Chapter Five: The Prisoner

The noise got louder as I climbed a steep ridge, and I could smell diesel exhaust and fresh-cut wood in the air. About a mile from the work site, I found areas where the undergrowth was flattened in circular patterns, like something large had been sleeping there. The vegetation was bent, not broken, suggesting whatever had made the impressions was trying not to damage the forest unnecessarily. Near one of these resting spots, I found tufts of coarse reddish-brown hair caught on thorns, unlike anything from local wildlife.

When I finally reached a good vantage point on a ridge overlooking the work site, what I saw below made absolutely no sense at first. The clearing was massive, much bigger than any normal logging operation would need. There were more people than I’d expected, at least a dozen men scattered around the site. Some were working on cutting trees, but others seemed to be doing something completely different. Heavy equipment was arranged in a defensive pattern around the perimeter, like they were expecting trouble.
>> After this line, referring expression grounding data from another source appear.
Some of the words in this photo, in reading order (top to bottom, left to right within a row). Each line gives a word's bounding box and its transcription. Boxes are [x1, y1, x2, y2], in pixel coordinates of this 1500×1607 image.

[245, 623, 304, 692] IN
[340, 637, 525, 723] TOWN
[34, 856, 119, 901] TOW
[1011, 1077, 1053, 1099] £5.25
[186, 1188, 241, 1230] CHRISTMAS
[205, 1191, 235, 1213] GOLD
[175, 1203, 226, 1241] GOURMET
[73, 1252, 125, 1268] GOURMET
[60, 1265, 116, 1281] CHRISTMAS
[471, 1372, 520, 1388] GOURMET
In the center of the clearing sat something that made my heart stop: an enormous metal cage. The cage was huge, easily eight feet tall and just as wide, made of heavy steel bars that looked like they could hold a grizzly bear. But even from my hiding spot, I could tell that whatever was inside wasn’t a bear. The shape was wrong. Too tall, even hunched over, too broad across the shoulders. And as I watched, frozen in disbelief, the thing inside the cage moved in a way that was almost human, but not quite.

Chapter Six: The Truth Uncaged

It gripped the bars with what looked like massive hands and shifted its weight from foot to foot like a person might, but everything about it was oversized and wrong. It was covered in dark reddish-brown fur that looked matted and dirty. Its shoulders were impossibly broad, and its arms hung nearly to its knees, even when it was standing upright.
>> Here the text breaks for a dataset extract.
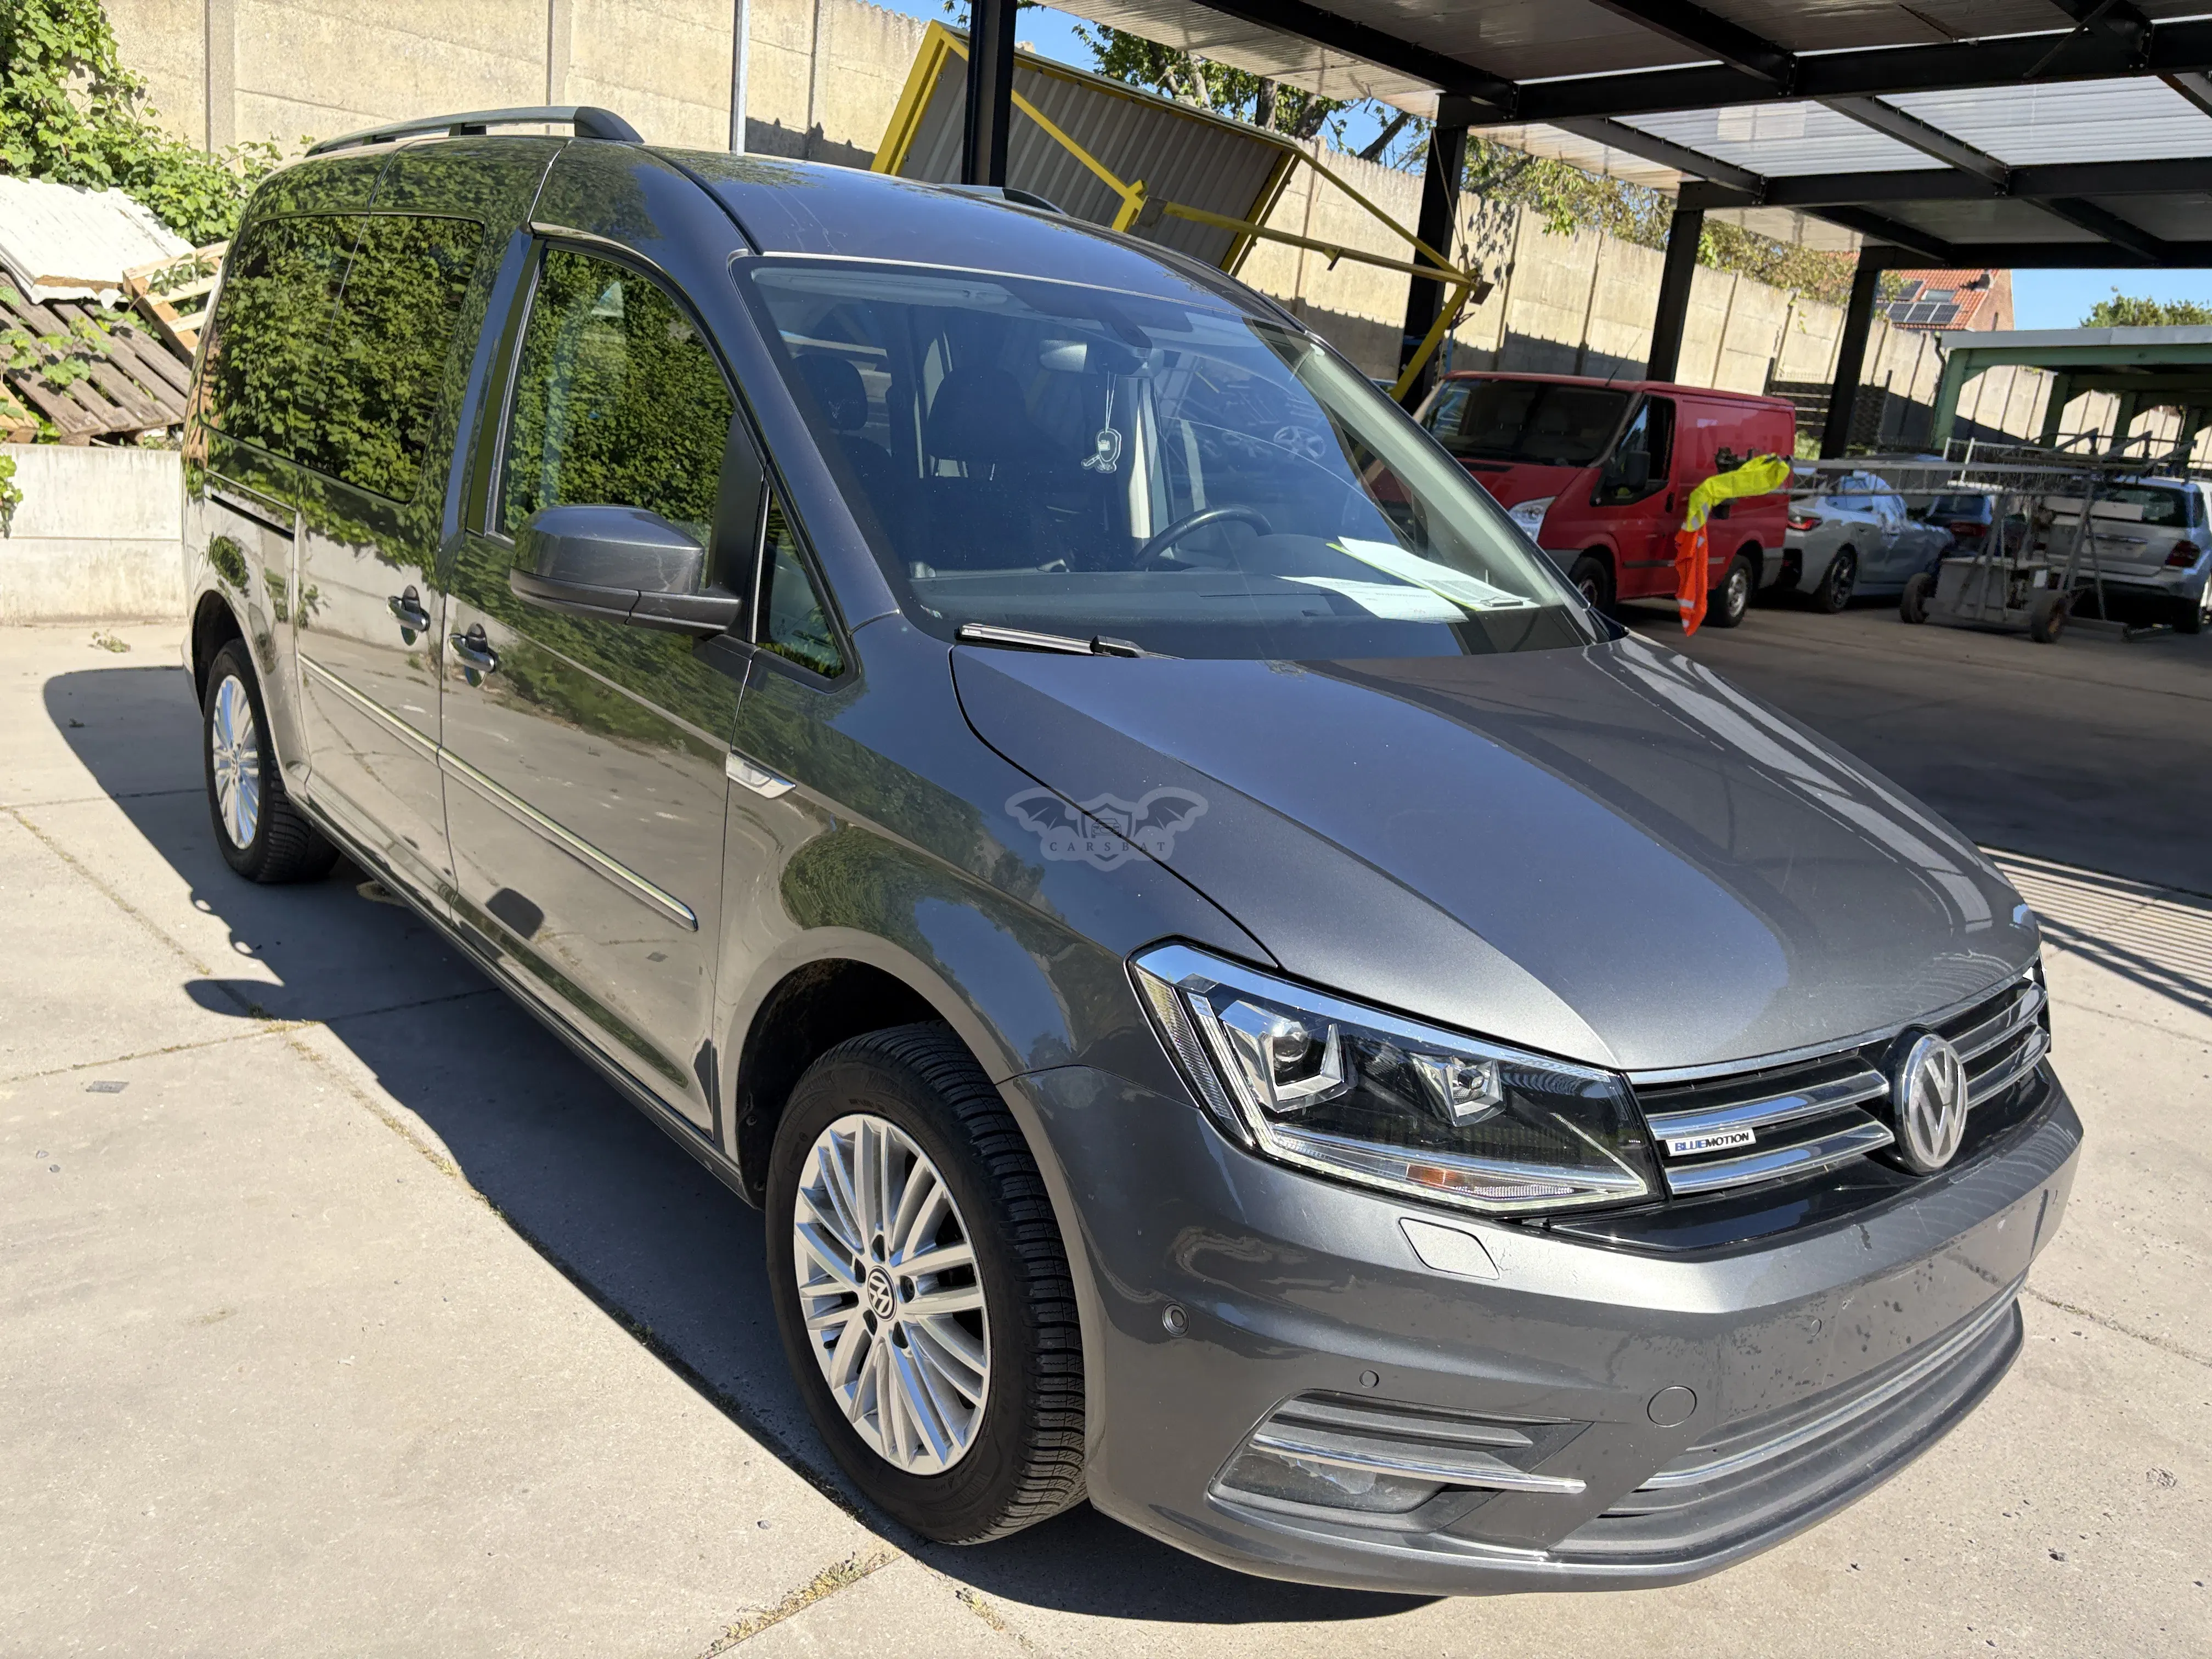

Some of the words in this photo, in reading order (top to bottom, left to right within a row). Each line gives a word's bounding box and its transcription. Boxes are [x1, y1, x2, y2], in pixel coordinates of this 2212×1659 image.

But it was the face that made my blood run cold. When it turned toward my hiding spot, I caught a glimpse of features that looked almost human. Deep-set eyes, a broad, flat nose, a heavy brow ridge. But the proportions were all wrong, like someone had stretched a human face and made it too big.
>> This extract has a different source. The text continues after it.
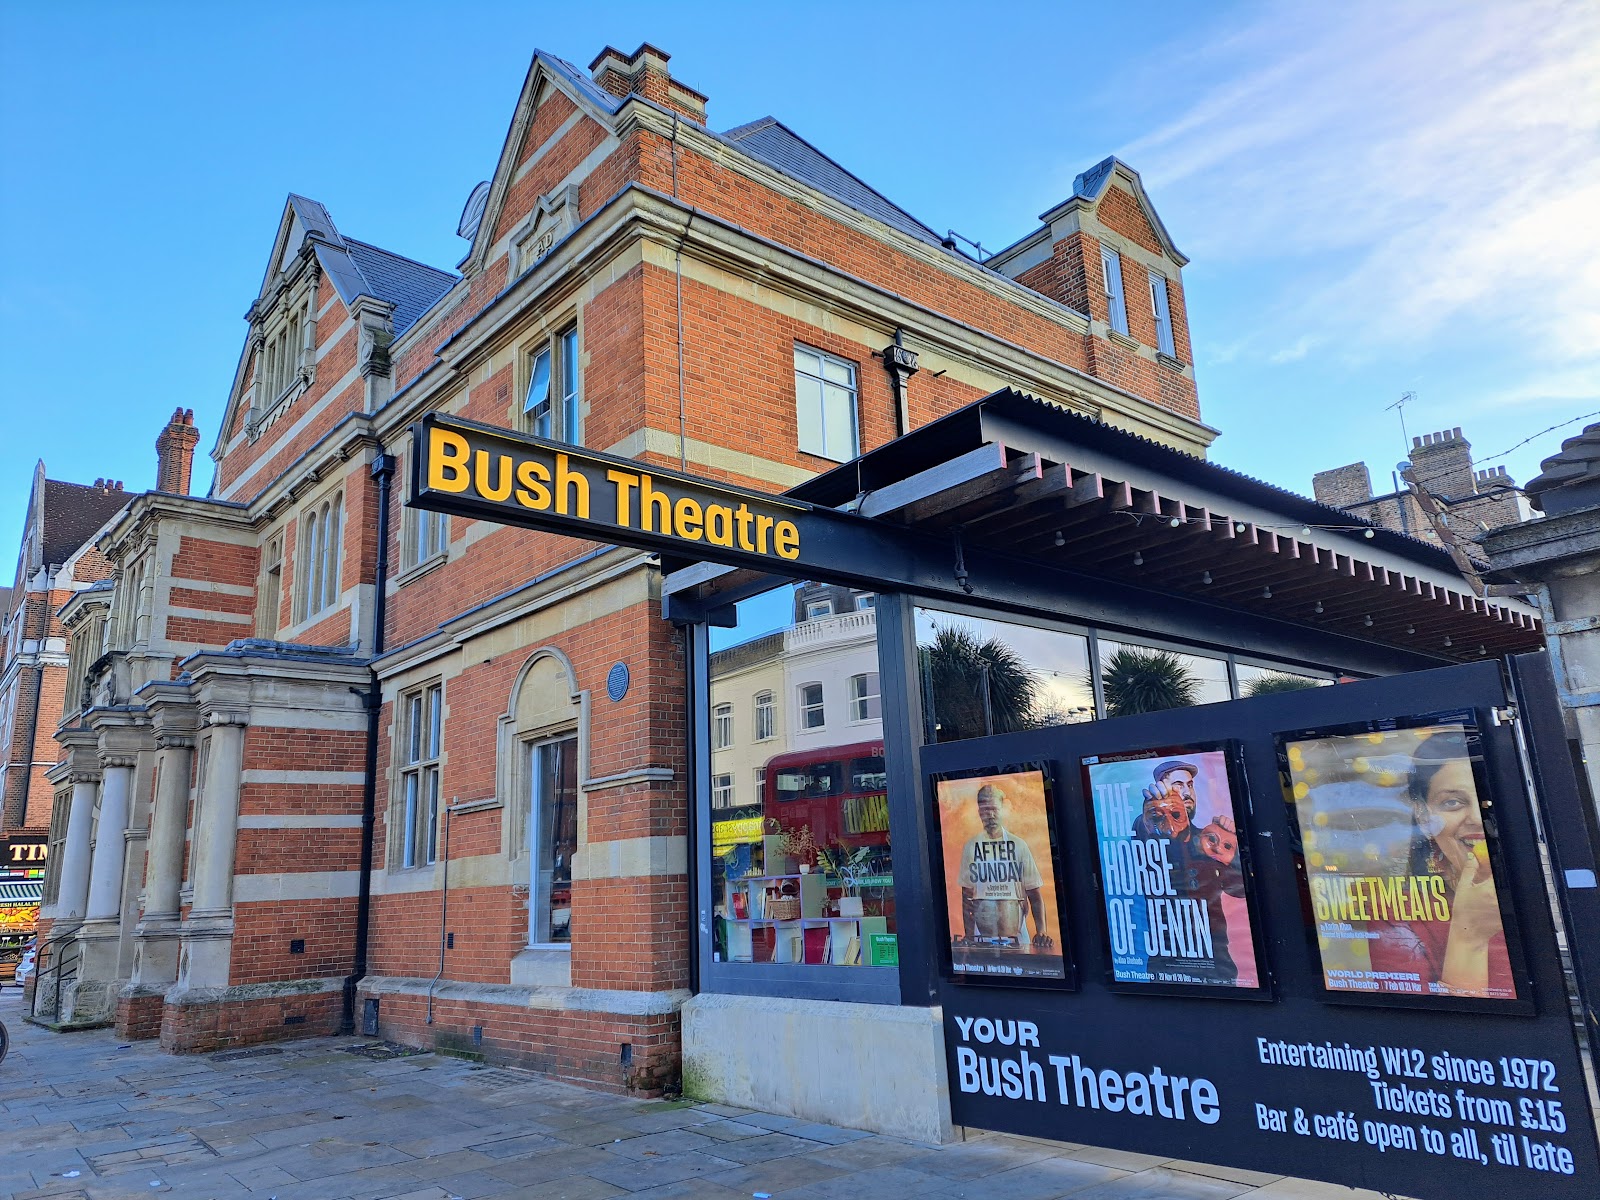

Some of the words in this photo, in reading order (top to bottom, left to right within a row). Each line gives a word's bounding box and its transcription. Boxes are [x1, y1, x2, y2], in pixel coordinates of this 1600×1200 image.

The creature looked injured. One shoulder was matted with what was definitely dried blood, and it moved stiffly, favoring its left side. It kept its head down most of the time, and there was something in its posture that spoke of exhaustion and defeat. It looked broken, not just physically, but spiritually.

I watched for over an hour, trying to understand what I was seeing. The men around the clearing were clearly guarding it. At least four who weren’t doing any tree cutting at all, just standing around with rifles and radio equipment. Near the cage was a large truck with a covered bed and heavy-duty winching equipment, like they were preparing to transport something extremely heavy. The whole setup looked professional, but hastily thrown together, like they’d had to work fast to contain something they hadn’t expected to catch.

Chapter Seven: A Plan in the Night

What disturbed me most was how the creature reacted to its captors. When the men came near the cage, it would retreat to the far corner and make itself as small as possible. It never showed aggression, never tried to threaten them, just cowered like a beaten animal. But when they moved away, I could see it testing the bars, not trying to break them, but examining them with what looked like intelligence, like it was trying to figure out how the mechanism worked.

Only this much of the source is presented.